ACTION ITEM: An exact transcription of the listing, without its images, is what the answer must contain.

INPUT FOR THIS TASK:
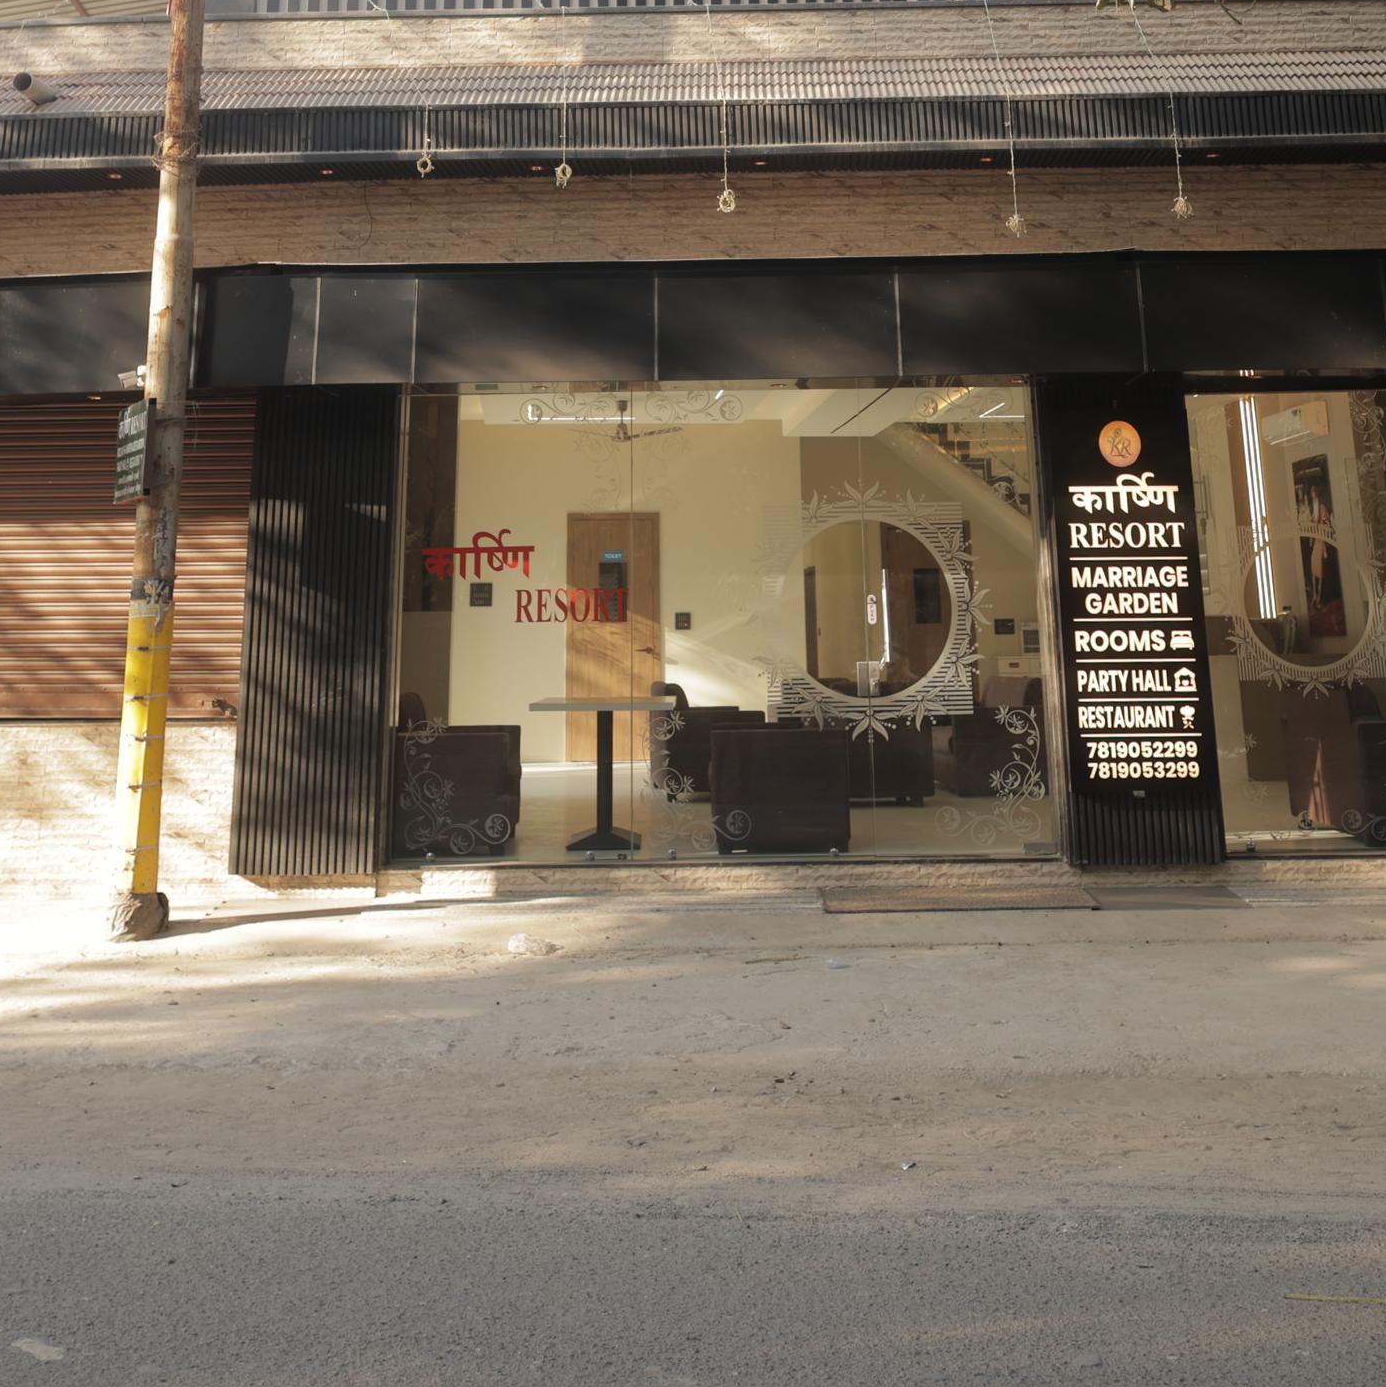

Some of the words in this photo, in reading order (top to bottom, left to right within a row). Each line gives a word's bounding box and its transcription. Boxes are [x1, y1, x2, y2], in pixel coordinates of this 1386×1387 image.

[1068, 472, 1179, 514] कार्ष्णि
[1068, 522, 1185, 549] RESORT
[1071, 566, 1189, 588] MARRIAGE
[515, 587, 629, 623] RESORT
[1085, 592, 1179, 614] GARDEN
[1074, 630, 1166, 652] ROOMS
[1077, 670, 1129, 692] PARTY
[1131, 669, 1172, 692] HALL
[1078, 705, 1175, 728] RESTAURANT
[1086, 741, 1198, 758] 7819052299
[1087, 761, 1200, 779] 7819053299

TASK RESULT:
Some of the words in this photo, in reading order (top to bottom, left to right within a row). Each line gives a word's bounding box and its transcription. Boxes are [x1, y1, x2, y2], in pixel coordinates of this 1386×1387 image.

[1068, 472, 1179, 514] कार्ष्णि
[1068, 522, 1185, 549] RESORT
[1071, 566, 1189, 588] MARRIAGE
[515, 587, 629, 623] RESORT
[1085, 592, 1179, 614] GARDEN
[1074, 630, 1166, 652] ROOMS
[1077, 670, 1129, 692] PARTY
[1131, 669, 1172, 692] HALL
[1078, 705, 1175, 728] RESTAURANT
[1086, 741, 1198, 758] 7819052299
[1087, 761, 1200, 779] 7819053299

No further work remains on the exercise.